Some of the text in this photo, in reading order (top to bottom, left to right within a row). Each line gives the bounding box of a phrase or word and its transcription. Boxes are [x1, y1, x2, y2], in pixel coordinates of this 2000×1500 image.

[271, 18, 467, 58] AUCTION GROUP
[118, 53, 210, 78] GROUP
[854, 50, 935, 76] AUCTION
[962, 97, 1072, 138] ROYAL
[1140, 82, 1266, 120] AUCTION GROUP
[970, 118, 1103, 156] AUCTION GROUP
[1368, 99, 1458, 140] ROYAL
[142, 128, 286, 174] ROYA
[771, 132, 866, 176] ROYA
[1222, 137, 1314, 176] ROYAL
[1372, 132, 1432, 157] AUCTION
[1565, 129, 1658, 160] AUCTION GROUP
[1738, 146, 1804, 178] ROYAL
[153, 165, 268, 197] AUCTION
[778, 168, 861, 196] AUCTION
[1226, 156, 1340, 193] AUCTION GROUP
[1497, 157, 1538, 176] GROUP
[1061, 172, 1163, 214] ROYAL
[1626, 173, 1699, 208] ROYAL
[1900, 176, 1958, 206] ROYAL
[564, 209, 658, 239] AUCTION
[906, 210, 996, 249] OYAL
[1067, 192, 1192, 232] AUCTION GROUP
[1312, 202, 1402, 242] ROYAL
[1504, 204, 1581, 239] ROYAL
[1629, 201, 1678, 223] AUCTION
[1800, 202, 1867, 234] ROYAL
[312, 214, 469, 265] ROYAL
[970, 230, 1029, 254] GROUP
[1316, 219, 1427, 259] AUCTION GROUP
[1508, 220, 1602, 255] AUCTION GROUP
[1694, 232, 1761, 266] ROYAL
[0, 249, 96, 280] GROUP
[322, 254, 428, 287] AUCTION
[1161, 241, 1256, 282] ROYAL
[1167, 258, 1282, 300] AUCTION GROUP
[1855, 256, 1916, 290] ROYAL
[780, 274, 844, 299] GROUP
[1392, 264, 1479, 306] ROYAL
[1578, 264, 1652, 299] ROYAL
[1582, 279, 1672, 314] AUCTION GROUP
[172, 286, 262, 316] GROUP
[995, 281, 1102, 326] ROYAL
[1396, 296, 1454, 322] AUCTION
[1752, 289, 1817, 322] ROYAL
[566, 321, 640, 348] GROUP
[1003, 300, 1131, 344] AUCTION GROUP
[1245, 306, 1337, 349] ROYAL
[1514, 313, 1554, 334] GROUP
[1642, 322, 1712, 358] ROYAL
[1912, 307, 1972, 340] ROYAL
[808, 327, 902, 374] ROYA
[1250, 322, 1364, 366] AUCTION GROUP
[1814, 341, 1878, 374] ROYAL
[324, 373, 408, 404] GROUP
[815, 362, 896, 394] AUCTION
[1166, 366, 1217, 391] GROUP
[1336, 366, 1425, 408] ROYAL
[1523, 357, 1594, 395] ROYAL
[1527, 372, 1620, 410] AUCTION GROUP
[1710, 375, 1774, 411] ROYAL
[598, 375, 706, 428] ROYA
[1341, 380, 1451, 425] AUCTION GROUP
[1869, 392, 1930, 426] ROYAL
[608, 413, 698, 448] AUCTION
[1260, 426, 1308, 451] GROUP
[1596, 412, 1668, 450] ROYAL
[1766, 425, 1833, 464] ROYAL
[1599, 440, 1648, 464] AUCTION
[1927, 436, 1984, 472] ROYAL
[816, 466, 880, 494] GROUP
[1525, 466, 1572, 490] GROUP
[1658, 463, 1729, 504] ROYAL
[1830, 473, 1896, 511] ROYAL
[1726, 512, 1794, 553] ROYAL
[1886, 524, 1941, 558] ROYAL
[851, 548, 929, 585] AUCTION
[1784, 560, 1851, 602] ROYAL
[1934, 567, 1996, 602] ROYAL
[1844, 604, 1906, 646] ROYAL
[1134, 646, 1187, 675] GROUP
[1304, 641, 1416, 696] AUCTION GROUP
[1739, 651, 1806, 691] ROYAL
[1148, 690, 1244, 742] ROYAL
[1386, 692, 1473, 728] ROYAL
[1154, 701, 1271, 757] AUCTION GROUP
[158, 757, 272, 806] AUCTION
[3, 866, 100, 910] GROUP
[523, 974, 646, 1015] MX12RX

# [Task prompt]
Could the entries above be output once more, exactly as they are?

# [Written solution]
Some of the text in this photo, in reading order (top to bottom, left to right within a row). Each line gives the bounding box of a phrase or word and its transcription. Boxes are [x1, y1, x2, y2], in pixel coordinates of this 2000×1500 image.

[271, 18, 467, 58] AUCTION GROUP
[118, 53, 210, 78] GROUP
[854, 50, 935, 76] AUCTION
[962, 97, 1072, 138] ROYAL
[1140, 82, 1266, 120] AUCTION GROUP
[970, 118, 1103, 156] AUCTION GROUP
[1368, 99, 1458, 140] ROYAL
[142, 128, 286, 174] ROYA
[771, 132, 866, 176] ROYA
[1222, 137, 1314, 176] ROYAL
[1372, 132, 1432, 157] AUCTION
[1565, 129, 1658, 160] AUCTION GROUP
[1738, 146, 1804, 178] ROYAL
[153, 165, 268, 197] AUCTION
[778, 168, 861, 196] AUCTION
[1226, 156, 1340, 193] AUCTION GROUP
[1497, 157, 1538, 176] GROUP
[1061, 172, 1163, 214] ROYAL
[1626, 173, 1699, 208] ROYAL
[1900, 176, 1958, 206] ROYAL
[564, 209, 658, 239] AUCTION
[906, 210, 996, 249] OYAL
[1067, 192, 1192, 232] AUCTION GROUP
[1312, 202, 1402, 242] ROYAL
[1504, 204, 1581, 239] ROYAL
[1629, 201, 1678, 223] AUCTION
[1800, 202, 1867, 234] ROYAL
[312, 214, 469, 265] ROYAL
[970, 230, 1029, 254] GROUP
[1316, 219, 1427, 259] AUCTION GROUP
[1508, 220, 1602, 255] AUCTION GROUP
[1694, 232, 1761, 266] ROYAL
[0, 249, 96, 280] GROUP
[322, 254, 428, 287] AUCTION
[1161, 241, 1256, 282] ROYAL
[1167, 258, 1282, 300] AUCTION GROUP
[1855, 256, 1916, 290] ROYAL
[780, 274, 844, 299] GROUP
[1392, 264, 1479, 306] ROYAL
[1578, 264, 1652, 299] ROYAL
[1582, 279, 1672, 314] AUCTION GROUP
[172, 286, 262, 316] GROUP
[995, 281, 1102, 326] ROYAL
[1396, 296, 1454, 322] AUCTION
[1752, 289, 1817, 322] ROYAL
[566, 321, 640, 348] GROUP
[1003, 300, 1131, 344] AUCTION GROUP
[1245, 306, 1337, 349] ROYAL
[1514, 313, 1554, 334] GROUP
[1642, 322, 1712, 358] ROYAL
[1912, 307, 1972, 340] ROYAL
[808, 327, 902, 374] ROYA
[1250, 322, 1364, 366] AUCTION GROUP
[1814, 341, 1878, 374] ROYAL
[324, 373, 408, 404] GROUP
[815, 362, 896, 394] AUCTION
[1166, 366, 1217, 391] GROUP
[1336, 366, 1425, 408] ROYAL
[1523, 357, 1594, 395] ROYAL
[1527, 372, 1620, 410] AUCTION GROUP
[1710, 375, 1774, 411] ROYAL
[598, 375, 706, 428] ROYA
[1341, 380, 1451, 425] AUCTION GROUP
[1869, 392, 1930, 426] ROYAL
[608, 413, 698, 448] AUCTION
[1260, 426, 1308, 451] GROUP
[1596, 412, 1668, 450] ROYAL
[1766, 425, 1833, 464] ROYAL
[1599, 440, 1648, 464] AUCTION
[1927, 436, 1984, 472] ROYAL
[816, 466, 880, 494] GROUP
[1525, 466, 1572, 490] GROUP
[1658, 463, 1729, 504] ROYAL
[1830, 473, 1896, 511] ROYAL
[1726, 512, 1794, 553] ROYAL
[1886, 524, 1941, 558] ROYAL
[851, 548, 929, 585] AUCTION
[1784, 560, 1851, 602] ROYAL
[1934, 567, 1996, 602] ROYAL
[1844, 604, 1906, 646] ROYAL
[1134, 646, 1187, 675] GROUP
[1304, 641, 1416, 696] AUCTION GROUP
[1739, 651, 1806, 691] ROYAL
[1148, 690, 1244, 742] ROYAL
[1386, 692, 1473, 728] ROYAL
[1154, 701, 1271, 757] AUCTION GROUP
[158, 757, 272, 806] AUCTION
[3, 866, 100, 910] GROUP
[523, 974, 646, 1015] MX12RX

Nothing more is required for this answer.